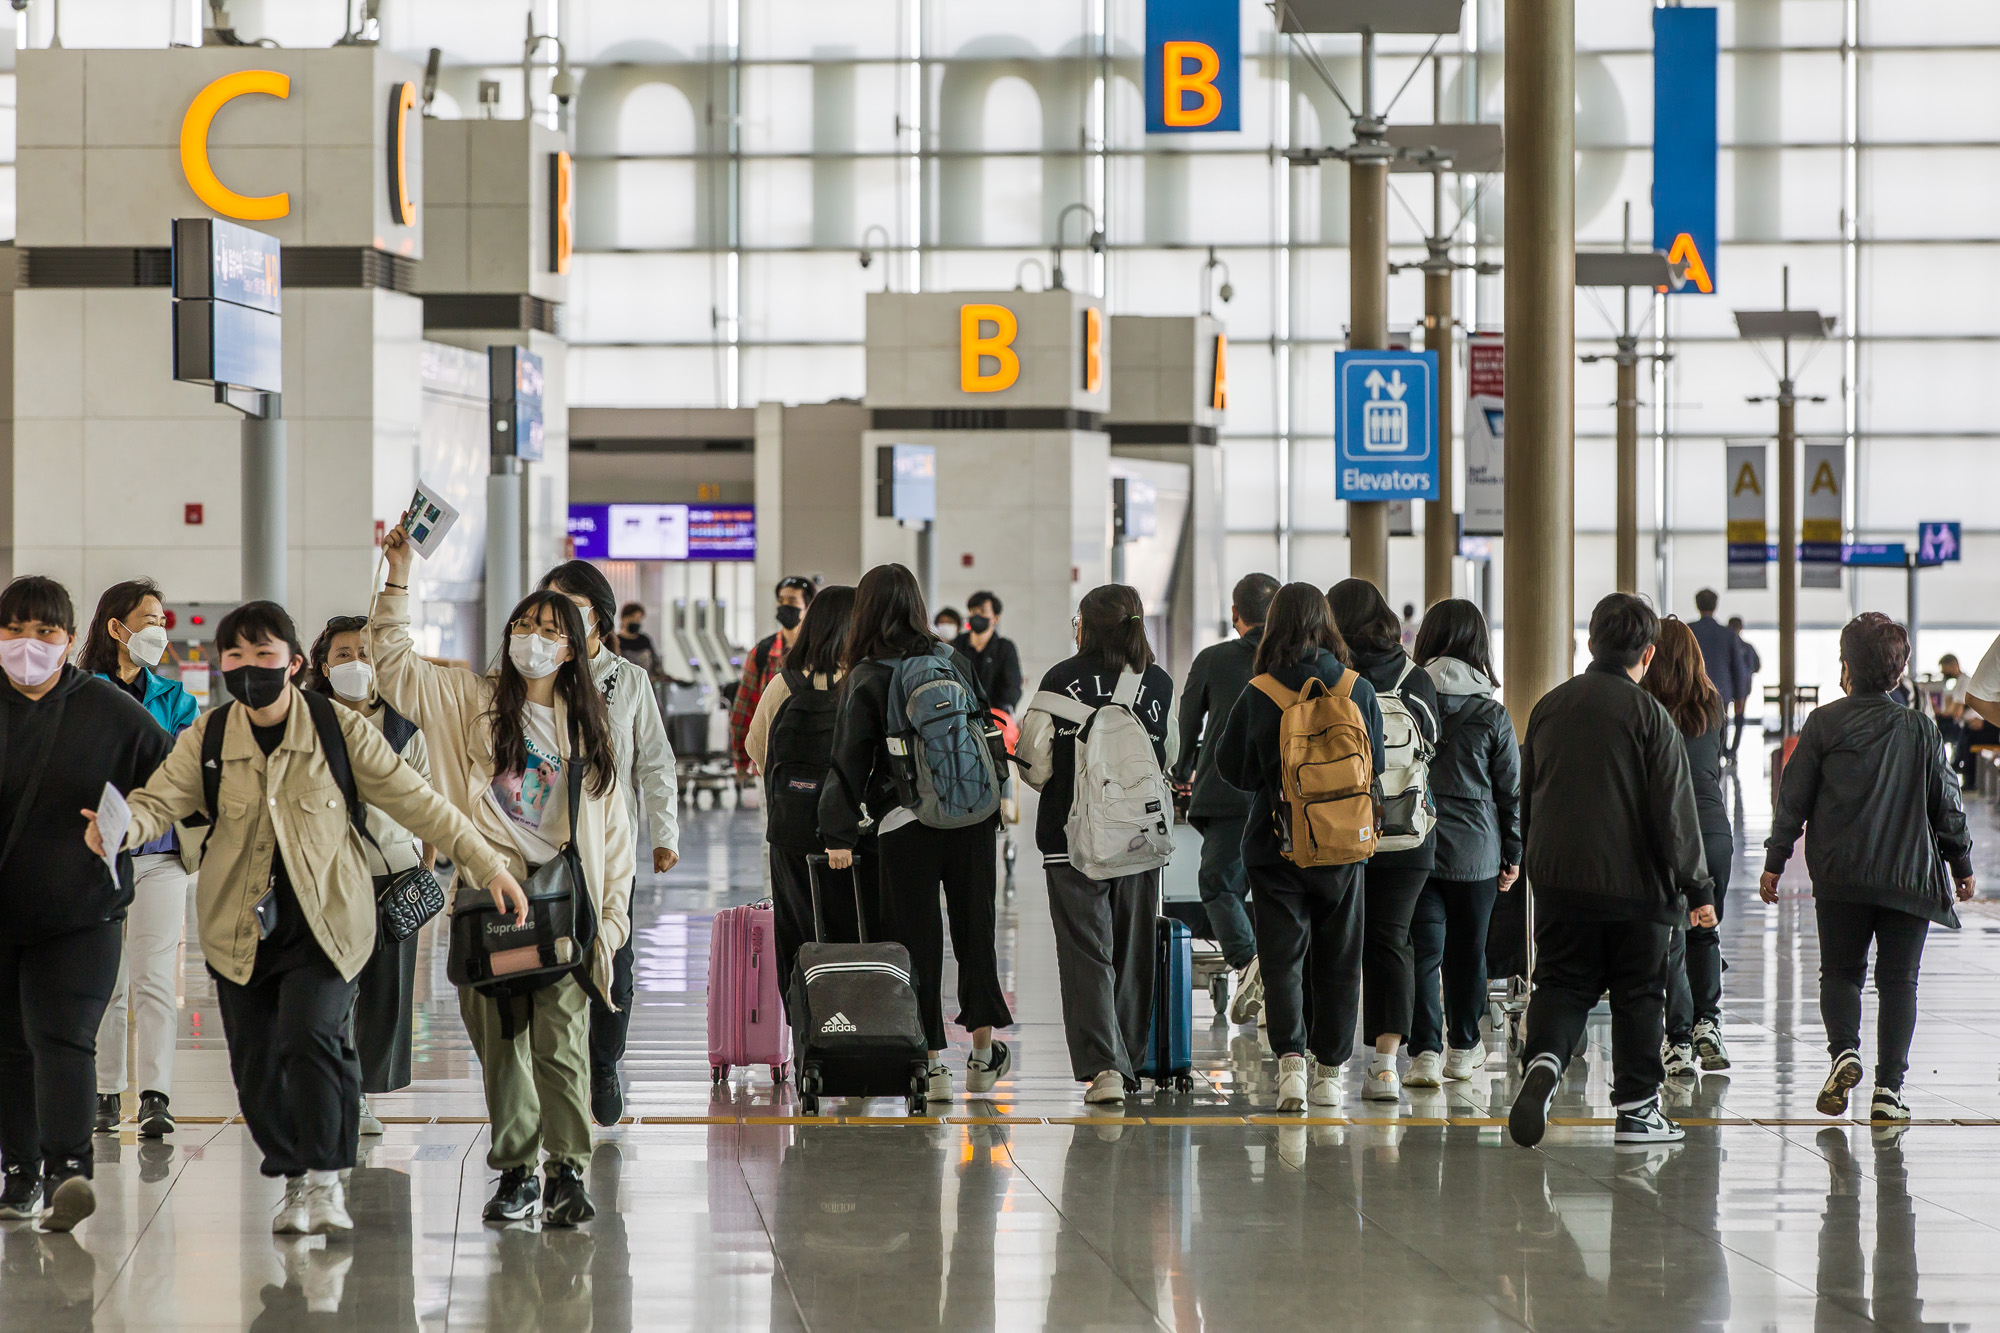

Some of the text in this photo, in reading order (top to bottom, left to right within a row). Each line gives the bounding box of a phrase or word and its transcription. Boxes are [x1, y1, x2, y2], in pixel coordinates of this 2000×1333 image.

[1164, 41, 1221, 126] B
[180, 69, 291, 220] C
[397, 81, 416, 227] C
[1655, 232, 1713, 293] A
[961, 304, 1019, 392] B
[1087, 306, 1103, 394] B
[1343, 468, 1430, 491] Elevators
[1733, 460, 1761, 497] A
[1810, 459, 1838, 497] A
[821, 1023, 857, 1033] adidas
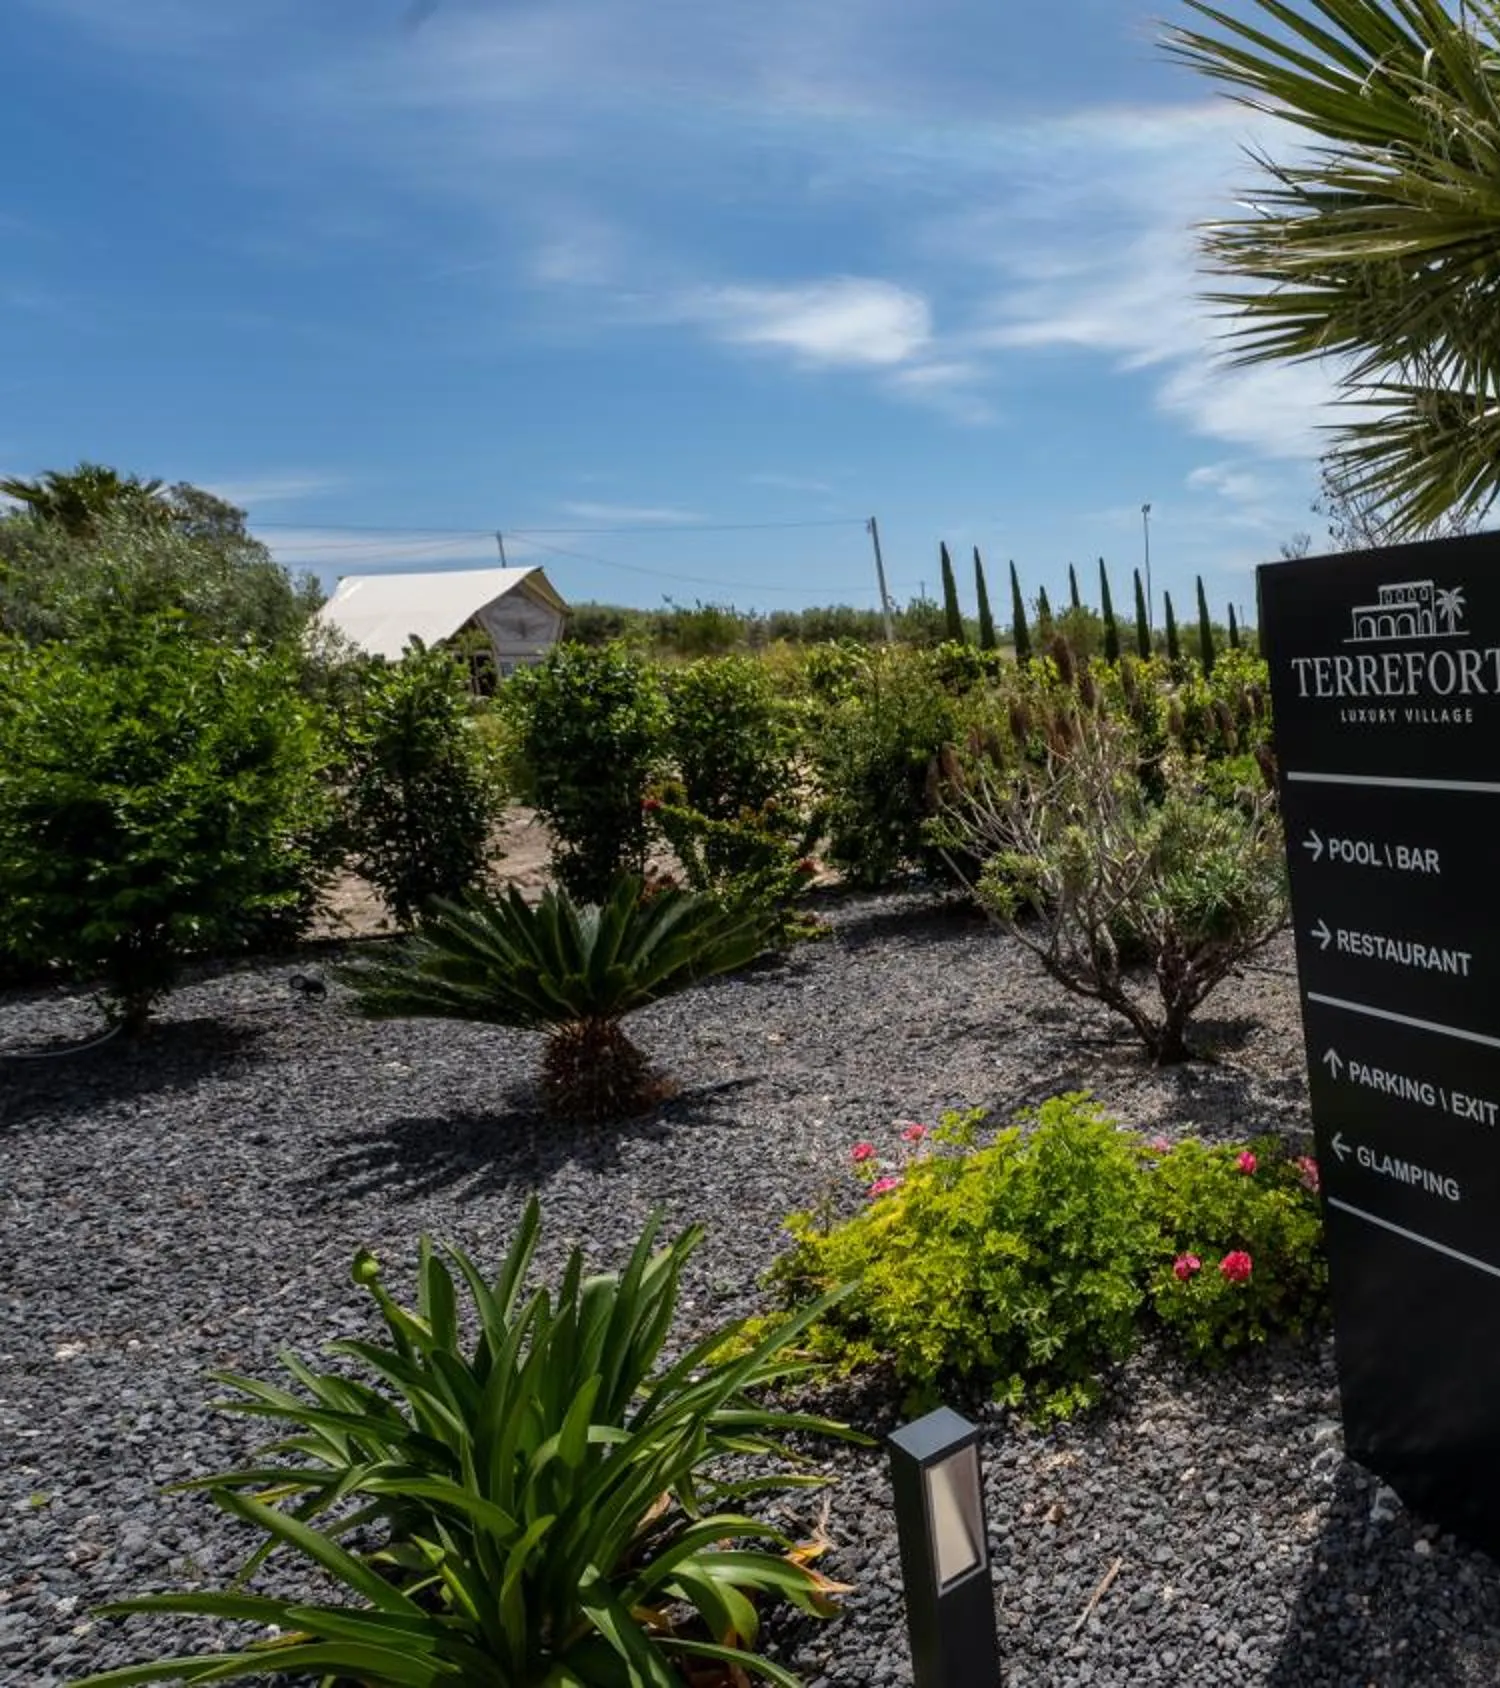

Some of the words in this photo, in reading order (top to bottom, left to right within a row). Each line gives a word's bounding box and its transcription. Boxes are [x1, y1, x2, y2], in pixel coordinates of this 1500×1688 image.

[1340, 708, 1397, 723] LUXURY
[1405, 707, 1474, 723] VILLAGE
[1329, 838, 1383, 867] POOL
[1396, 845, 1441, 874] BAR
[1336, 929, 1472, 977] RESTAURANT
[1349, 1061, 1436, 1106] PARKING
[1451, 1091, 1499, 1127] EXIT
[1357, 1145, 1460, 1201] GLAMPING

^^^^^^^^

- TASK BRIEF -
Please write out the entire listing above exactly, but leave the pictures out.

- OUTPUT -
Some of the text in this photo, in reading order (top to bottom, left to right within a row). Each line gives the bounding box of a phrase or word and its transcription. Boxes are [x1, y1, x2, y2], in pixel coordinates of this 2000×1333 image.

[1164, 41, 1221, 126] B
[180, 69, 291, 220] C
[397, 81, 416, 227] C
[1655, 232, 1713, 293] A
[961, 304, 1019, 392] B
[1087, 306, 1103, 394] B
[1343, 468, 1430, 491] Elevators
[1733, 460, 1761, 497] A
[1810, 459, 1838, 497] A
[821, 1023, 857, 1033] adidas

Some of the words in this photo, in reading order (top to bottom, left to right within a row). Each line gives a word's bounding box and its transcription. Boxes are [x1, y1, x2, y2], in pixel coordinates of this 1500×1688 image.

[1340, 708, 1397, 723] LUXURY
[1405, 707, 1474, 723] VILLAGE
[1329, 838, 1383, 867] POOL
[1396, 845, 1441, 874] BAR
[1336, 929, 1472, 977] RESTAURANT
[1349, 1061, 1436, 1106] PARKING
[1451, 1091, 1499, 1127] EXIT
[1357, 1145, 1460, 1201] GLAMPING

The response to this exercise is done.